The similarities between the cells of all advanced life-forms on Earth show that they are descended from a single single-celled ancestor—as biologists are fond of saying, at the level of a cell there is no difference between you and a mushroom. Of course, the trick might have happened more than once, but if it did, the other protoeukaryotes left no descendants (probably because they got eaten). It is a measure of how unlikely such a single fusion of cells was that it took two billion years of evolution to occur.

Even then, not much happened for another billion years or so. Early eukaryotes got together to make multicellular organisms, but at first these were nothing more than flat, soft-bodied creatures resembling the structure of a quilt. The proliferation of multicellular life-forms that led to the variety of life on Earth today kicked off only about 550 million years ago, in an outburst known as the Cambrian explosion. This was such a spectacular event that it is still the most significant one in the fossil record. But nobody knows why it happened—or how likely it is to happen elsewhere. Eventually that eruption of life produced a species capable of developing technology and wondering where it came from.

Special Species

The progression from primitive to advanced species was not easy. The history of humanity is written in our genes, in such detail that it is possible to determine from DNA analysis not only where different populations came from but how many of them were around. One of the surprising conclusions from this kind of analysis is that groups of chimpanzees living close to one another in central Africa are more different genetically than humans living on opposite sides of the world. This can only mean that we are all descended from a tiny population of humans, possibly the survivors of some catastrophe or catastrophes.

DNA evidence pinpoints two evolutionary bottlenecks in particular. A little more than 150,000 years ago the human population was reduced to no more than a few thousand—perhaps only a few hundred—breeding pairs. And about 70,000 years ago the entire human population fell to about 1,000. Although this interpretation of the evidence has been questioned by some researchers, if it is correct, all the billions of people now on Earth are descended from this group, which was so small that a species diminished to such numbers today would likely be regarded as endangered.

That our species survived—and even flourished, eventually growing to number nearly eight billion and advancing into a technological society—is amazing. This outcome seems far from assured.
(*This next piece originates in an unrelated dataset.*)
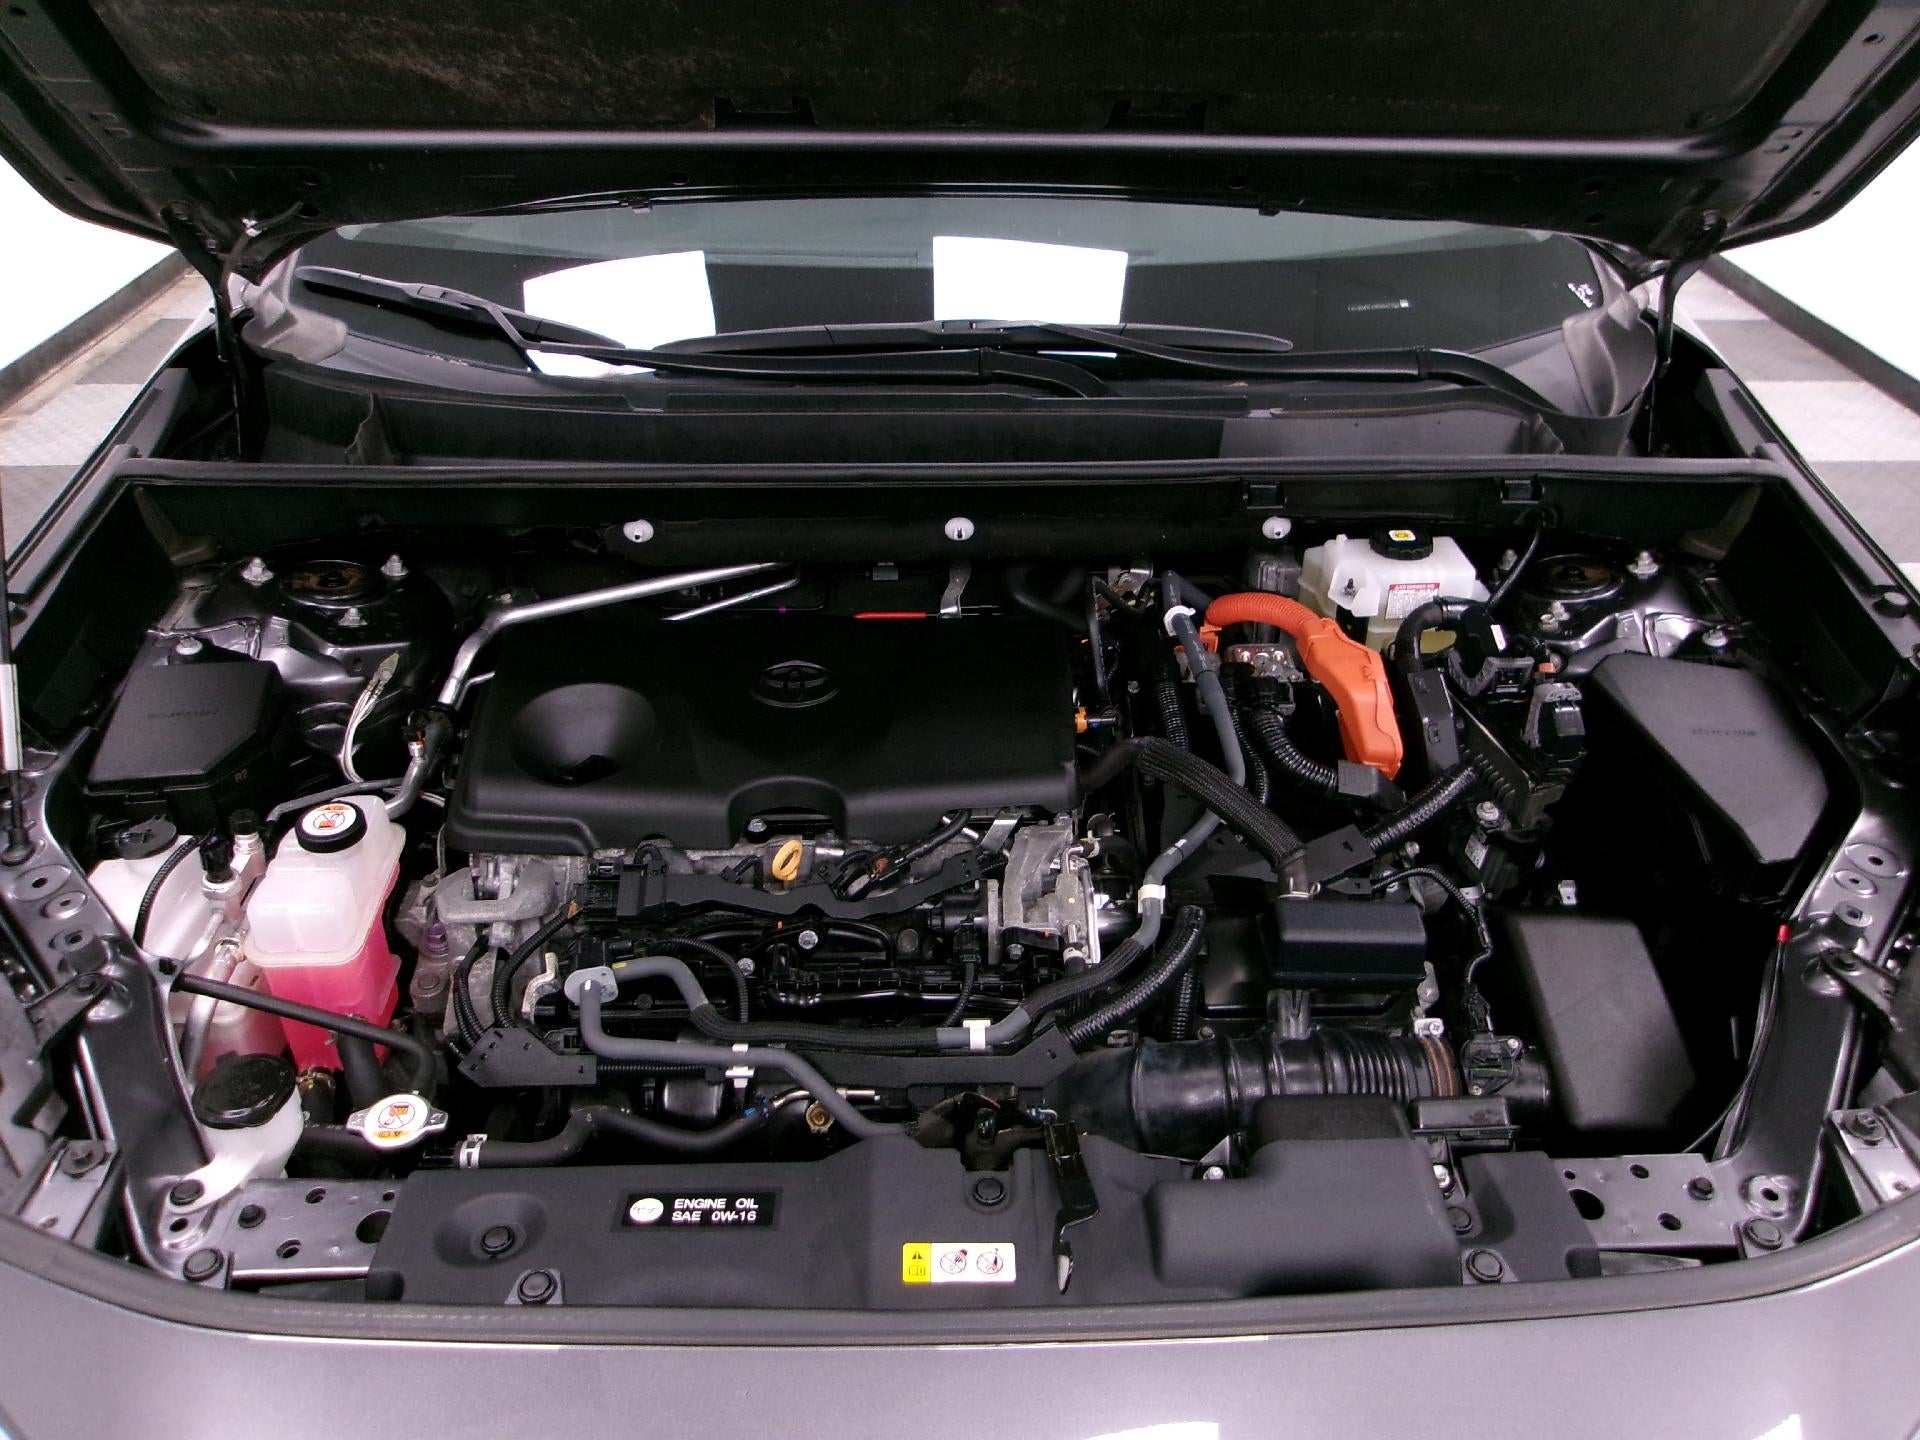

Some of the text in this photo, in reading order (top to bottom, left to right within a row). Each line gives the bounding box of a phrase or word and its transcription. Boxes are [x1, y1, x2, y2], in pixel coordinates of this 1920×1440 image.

[673, 1198, 759, 1209] ENGINE OIL
[671, 1210, 757, 1221] SAE 0W-16
As we put everything together, what can we say? Is life likely to exist elsewhere in the galaxy? Almost certainly yes, given the speed with which it appeared on Earth. Is another technological civilization likely to exist today? Almost certainly no, given the chain of circumstances that led to our existence. These considerations suggest we are unique not just on our planet but in the whole Milky Way. And if our planet is so special, it becomes all the more important to preserve this unique world for ourselves, our descendants and the many creatures that call Earth home.